The result should be a faithful copy of every entry below, with the pictures left out.

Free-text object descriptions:
_ _ _ _ _

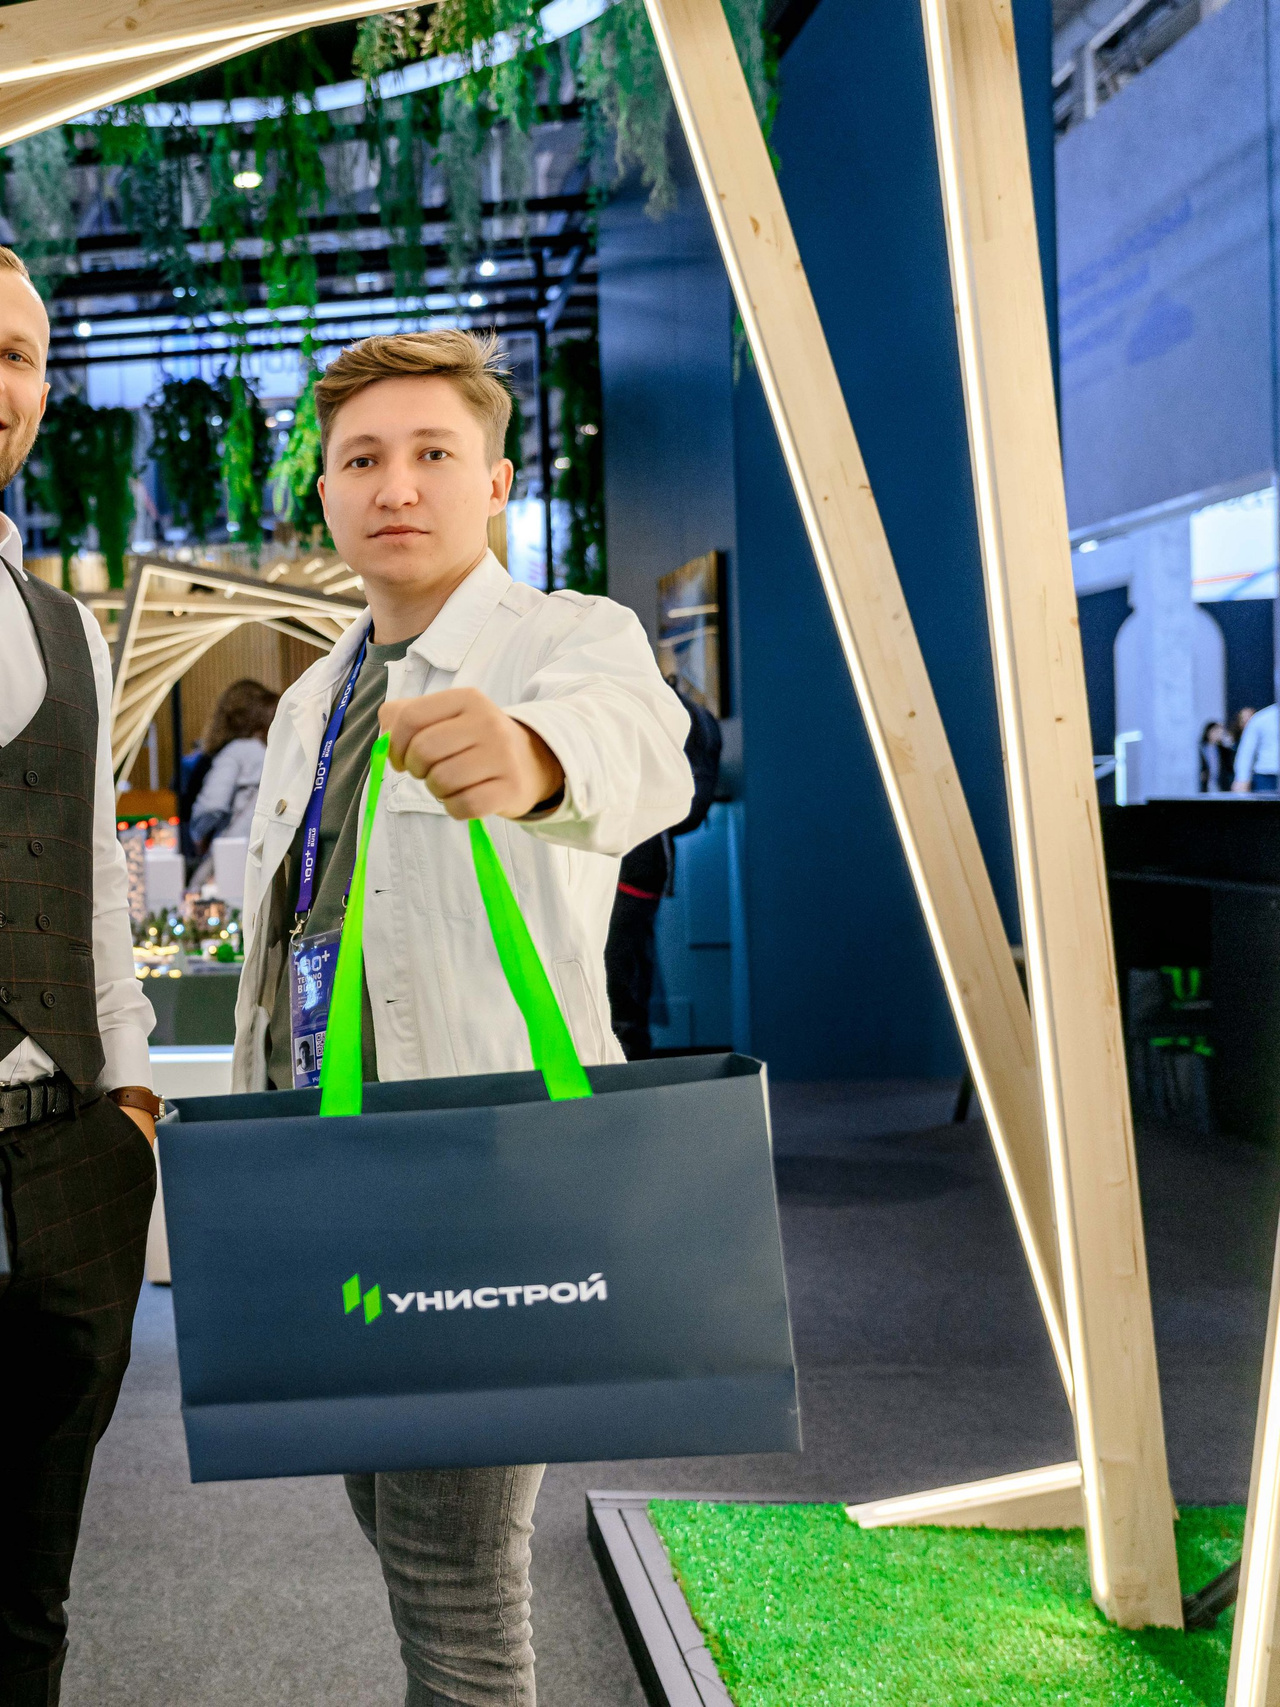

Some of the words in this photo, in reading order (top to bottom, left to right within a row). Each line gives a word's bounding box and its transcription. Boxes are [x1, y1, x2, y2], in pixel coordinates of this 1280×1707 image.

[338, 682, 352, 710] 100+
[313, 760, 326, 792] 100+
[304, 850, 314, 884] 100+
[297, 972, 322, 985] TENO
[297, 980, 322, 994] BUD
[387, 1272, 607, 1313] УНИСТРОЙ
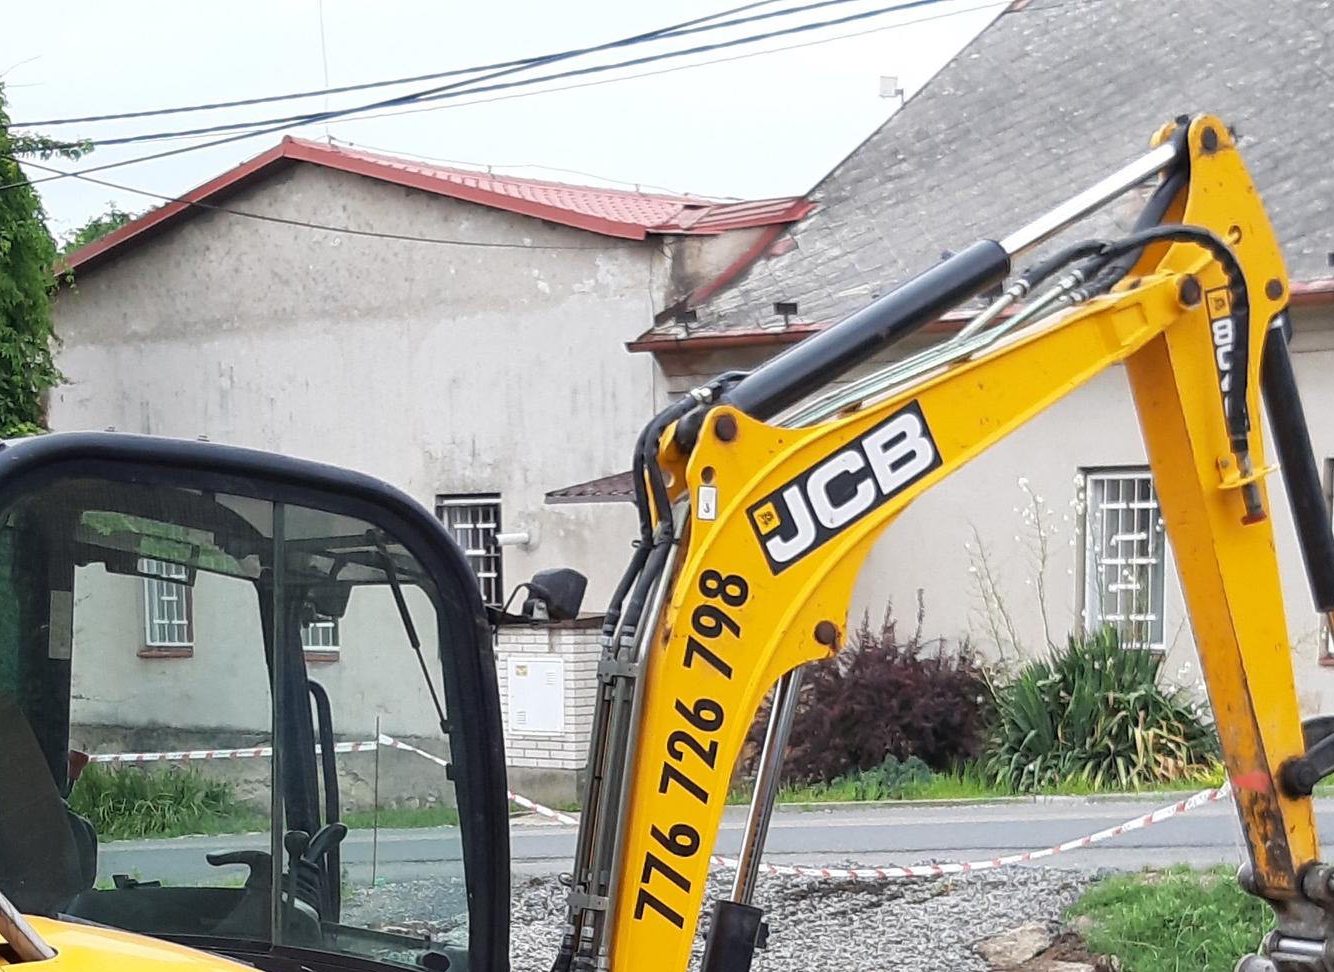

_ _ _ _ _

Output for this task:
Some of the words in this photo, in reading order (top to bottom, left to right within a row). Each line gives a word's bounding box and its transcription. Boxes are [x1, y1, x2, y2], in pixel coordinates of this 1280×1707 image.

[338, 682, 352, 710] 100+
[313, 760, 326, 792] 100+
[304, 850, 314, 884] 100+
[297, 972, 322, 985] TENO
[297, 980, 322, 994] BUD
[387, 1272, 607, 1313] УНИСТРОЙ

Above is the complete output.